La Cour des comptes rendait ce matin un rapport sur la prévention et la prise en charge précoce du diabète, une maladie pour laquelle sont traitées 3,8 millions de personnes en France. Surtout, le diabète constitue la part la plus importante d'affections longue durée (ALD) avec 3,6 millions de personnes et l'une de celles dont le taux de croissance est le plus rapide (+4,8 % en moyenne entre 2010 et 2022, contre +2,7 % pour l'ensemble des ALD). Et ce pour deux raisons majeures : le vieillissement de la population et l'augmentation du surpoids et de l'obésité.
Or, ces deux facteurs tendent à augmenter dans les années à venir, en particulier les cas d'obésité, en forte croissance dans l'Hexagone. De 8,5 % d'obèses en 1997, il y en a aujourd'hui plus de 18 %. Le contexte est alarmant, d'autant que le financement de notre système de santé est en danger, avec un déficit « hors de contrôle », a alerté la Cour des comptes en mai dernier et un risque d'une « crise de liquidité dès 2027 ».

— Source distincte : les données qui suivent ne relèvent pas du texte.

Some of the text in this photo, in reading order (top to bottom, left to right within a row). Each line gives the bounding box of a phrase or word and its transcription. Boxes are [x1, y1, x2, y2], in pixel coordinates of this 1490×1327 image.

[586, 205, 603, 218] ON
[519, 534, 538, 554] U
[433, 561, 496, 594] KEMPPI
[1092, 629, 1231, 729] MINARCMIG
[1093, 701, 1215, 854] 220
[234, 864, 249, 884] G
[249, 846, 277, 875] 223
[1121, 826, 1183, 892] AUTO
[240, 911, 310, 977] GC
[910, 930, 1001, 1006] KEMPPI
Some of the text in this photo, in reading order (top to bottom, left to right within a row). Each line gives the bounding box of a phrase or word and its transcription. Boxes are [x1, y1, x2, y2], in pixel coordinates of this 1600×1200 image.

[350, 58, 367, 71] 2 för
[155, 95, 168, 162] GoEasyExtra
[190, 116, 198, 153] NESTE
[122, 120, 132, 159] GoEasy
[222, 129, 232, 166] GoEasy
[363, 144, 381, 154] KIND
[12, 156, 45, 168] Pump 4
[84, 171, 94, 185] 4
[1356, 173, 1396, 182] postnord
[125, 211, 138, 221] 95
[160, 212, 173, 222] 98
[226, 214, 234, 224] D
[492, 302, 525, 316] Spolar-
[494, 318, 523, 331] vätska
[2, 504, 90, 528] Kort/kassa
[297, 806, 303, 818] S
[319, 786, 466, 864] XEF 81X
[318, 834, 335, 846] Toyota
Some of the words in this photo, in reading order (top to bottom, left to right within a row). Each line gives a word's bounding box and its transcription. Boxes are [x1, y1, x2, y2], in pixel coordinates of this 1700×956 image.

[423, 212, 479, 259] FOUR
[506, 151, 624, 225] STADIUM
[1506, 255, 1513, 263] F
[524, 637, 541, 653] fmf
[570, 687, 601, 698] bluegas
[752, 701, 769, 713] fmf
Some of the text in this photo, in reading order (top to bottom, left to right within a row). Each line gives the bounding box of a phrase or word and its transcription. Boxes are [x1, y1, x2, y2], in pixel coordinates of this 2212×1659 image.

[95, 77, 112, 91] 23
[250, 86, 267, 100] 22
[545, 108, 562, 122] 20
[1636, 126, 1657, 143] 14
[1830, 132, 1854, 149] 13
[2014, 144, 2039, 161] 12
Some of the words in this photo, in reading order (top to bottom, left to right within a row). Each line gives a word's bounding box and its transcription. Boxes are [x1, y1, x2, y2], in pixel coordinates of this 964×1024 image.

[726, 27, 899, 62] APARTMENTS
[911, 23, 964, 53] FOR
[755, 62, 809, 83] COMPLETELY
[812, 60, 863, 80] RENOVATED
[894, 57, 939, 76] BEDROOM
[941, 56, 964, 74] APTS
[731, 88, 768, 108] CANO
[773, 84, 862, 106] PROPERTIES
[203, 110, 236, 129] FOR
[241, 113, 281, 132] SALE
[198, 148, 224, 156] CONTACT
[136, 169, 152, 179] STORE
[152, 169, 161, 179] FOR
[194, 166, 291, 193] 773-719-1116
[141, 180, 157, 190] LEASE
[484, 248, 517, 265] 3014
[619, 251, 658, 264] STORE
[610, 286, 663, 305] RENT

Les dépenses spécifiquement imputables au diabète sont ainsi estimées par la Caisse nationale d'assurance maladie (Cnam) à 10,2 milliards d'euros, en hausse de 34,8 % depuis 2015, soit le quatrième poste de dépenses parmi les maladies chroniques, précise le rapport de la Cour des comptes. Si l'on prend en compte l'ensemble des prestations de remboursement des personnes diabétiques associé à d'autres pathologies dont elles seraient atteintes, les dépenses atteignent alors 35,4 milliards d'euros en 2022. « Le diabète est une maladie emblématique de la refonte de notre système de santé », a appuyé la Cour des comptes.